In terms of clothing, the Red Yao revere the color red, which they consider a symbol of prosperity and joy. Women often wear vibrant tops dominated by red hues, a practice that has given the Red Yao their name. The most cherished garment in Red Yao attire is the "flower dress", a piece of intricate craftsmanship that takes approximately a year to complete. Red Yao women also have a tradition of wearing earrings, with silver earrings customarily worn by girls starting from the age of seven or eight.

The Lunar New Year is the most significant festival for the Red Yao. In Ximen Village in Longsheng, the Red Yao slaughter pigs on the 27th day of the twelfth lunar month. Unlike other regions, they perform this ritual under the ancestral tablets in the main hall as a gesture of filial piety and to seek blessings from their ancestors. On Lunar New Year's eve, the Red Yao practice a custom called "carrying the dog to pay New Year's respects", where a village places a puppy in a basket and visits neighboring villages to bring good fortune. During the Lunar New Year, the Red Yao of Huangluo Village also host banquets for their elders, who recite ancient songs and narrate ethnic stories. However, with economic development, many of these traditions are gradually fading.
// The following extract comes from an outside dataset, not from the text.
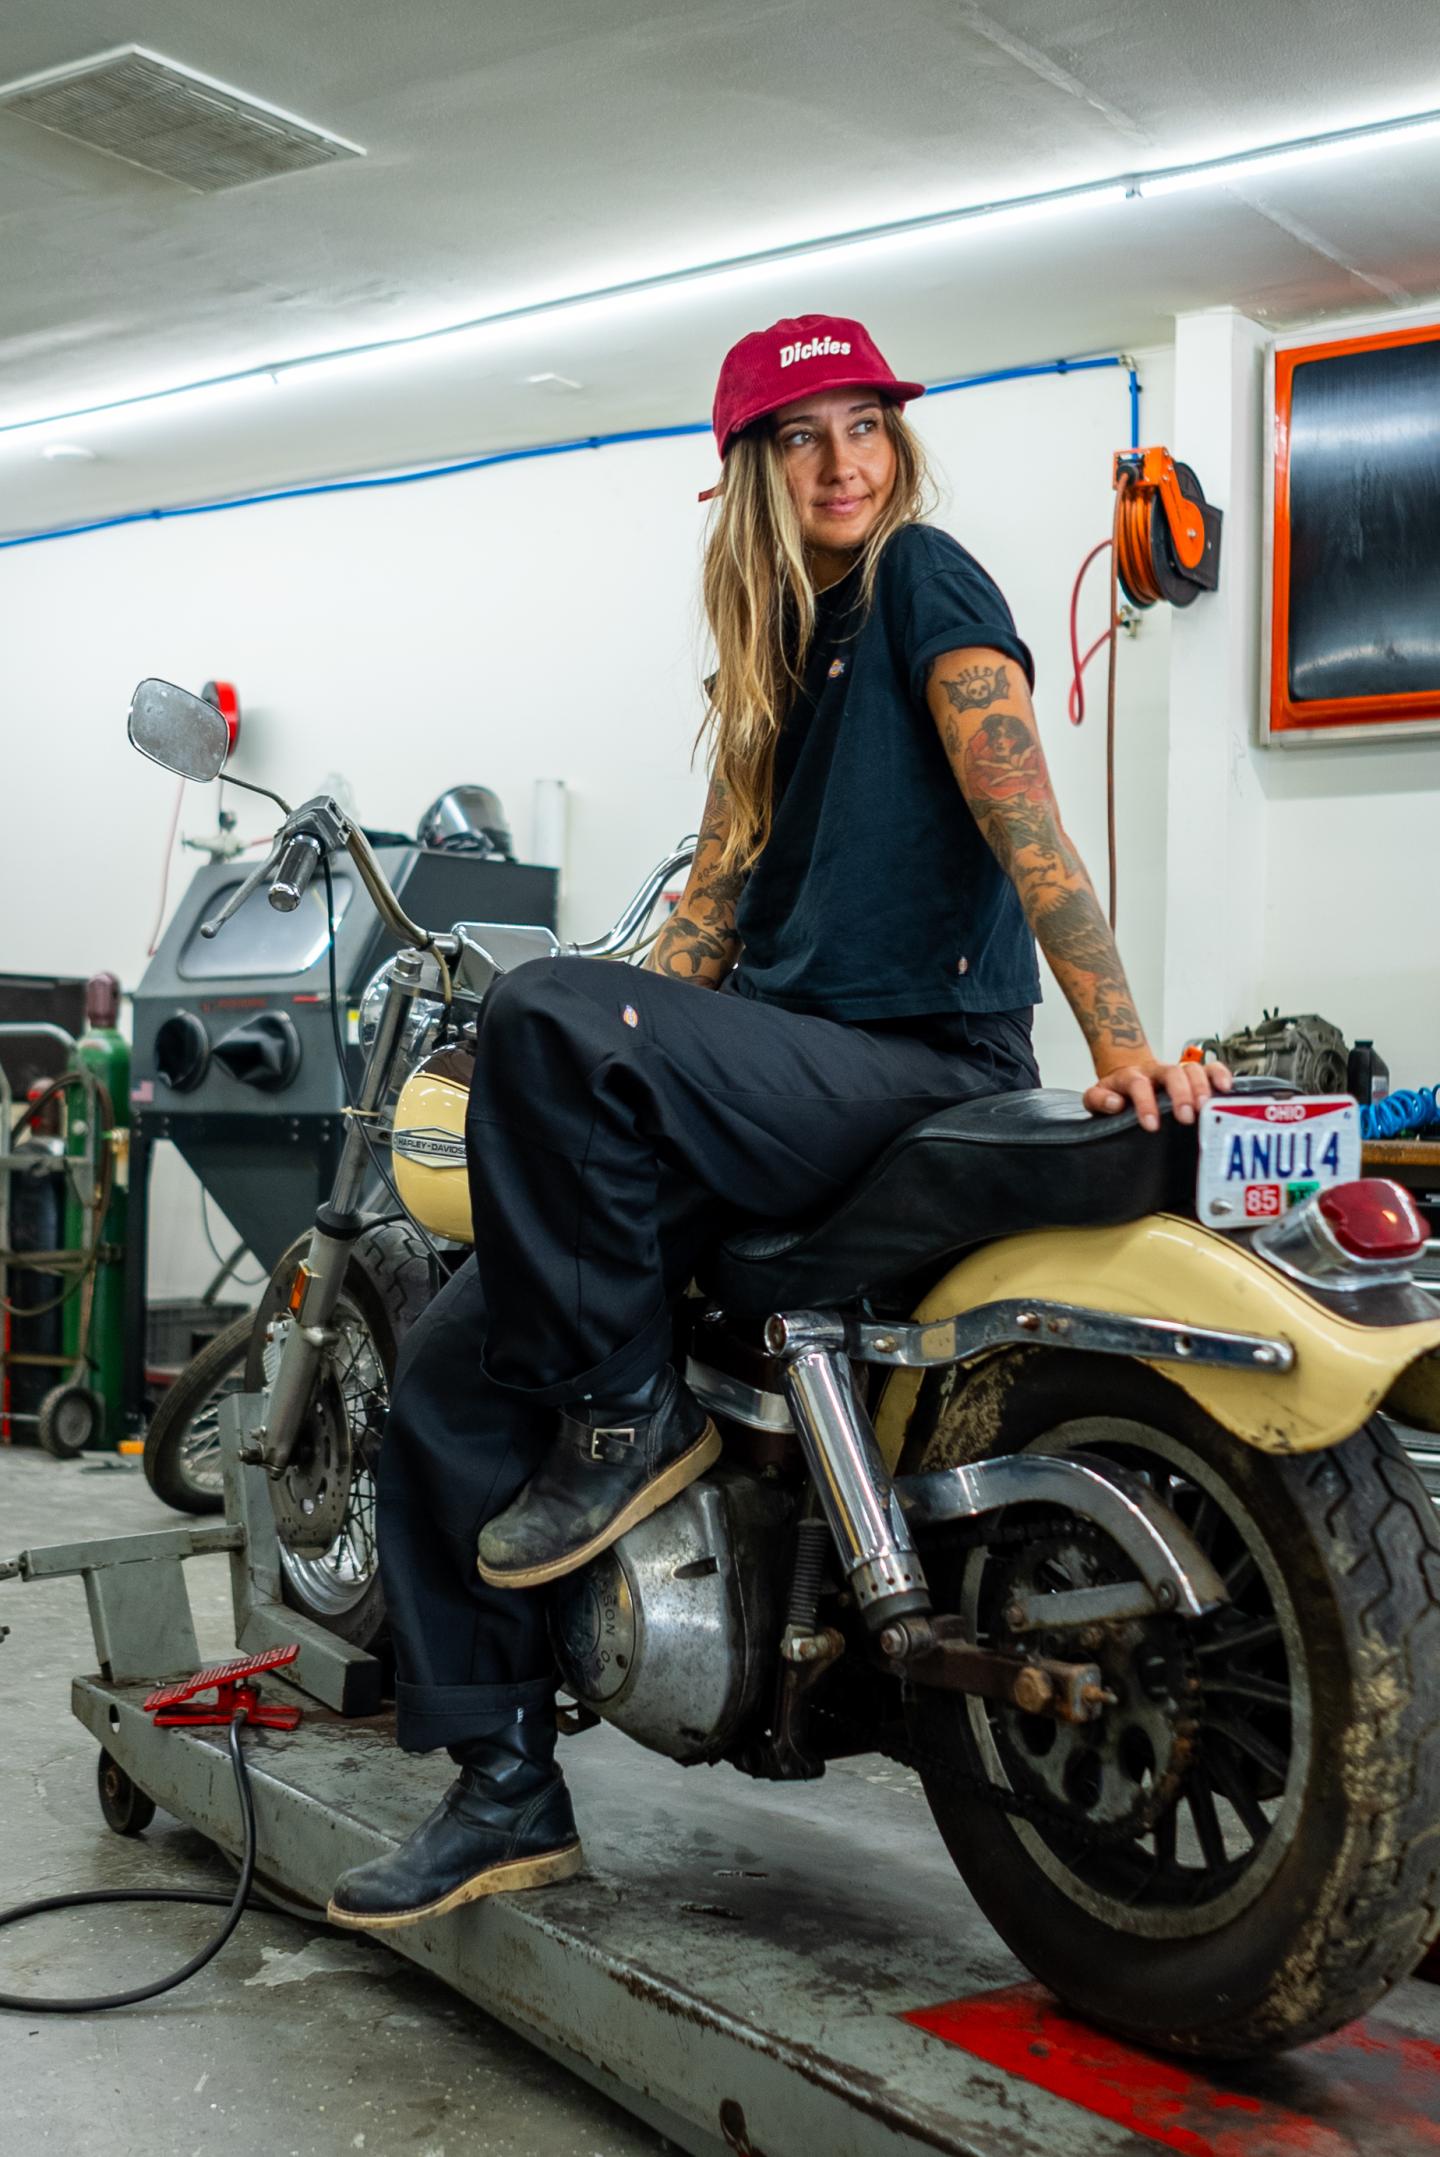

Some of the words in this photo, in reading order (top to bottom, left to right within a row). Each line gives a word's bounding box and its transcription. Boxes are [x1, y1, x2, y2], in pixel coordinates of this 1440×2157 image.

The Red Yao have a longstanding tradition of keeping long hair, which they regard as a symbol of beauty. In their legends, hair is considered "a transformation of blood and vitality" and must not be cut carelessly. Traditionally, Red Yao women cut their hair only at the ages of three and eighteen, and the cut hair is preserved. As adults, Red Yao women's hair reaches an average length of 1.7 m. In 2002, Huangluo Village in the Longji, Longsheng County was certified by the Shanghai Guinness Records as having the "longest collective hair". In 2023, the village broke the record again when 250 Red Yao women came together to create the longest hair combing chain. Long hair has also become a tourist attraction in Longsheng's Red Yao communities.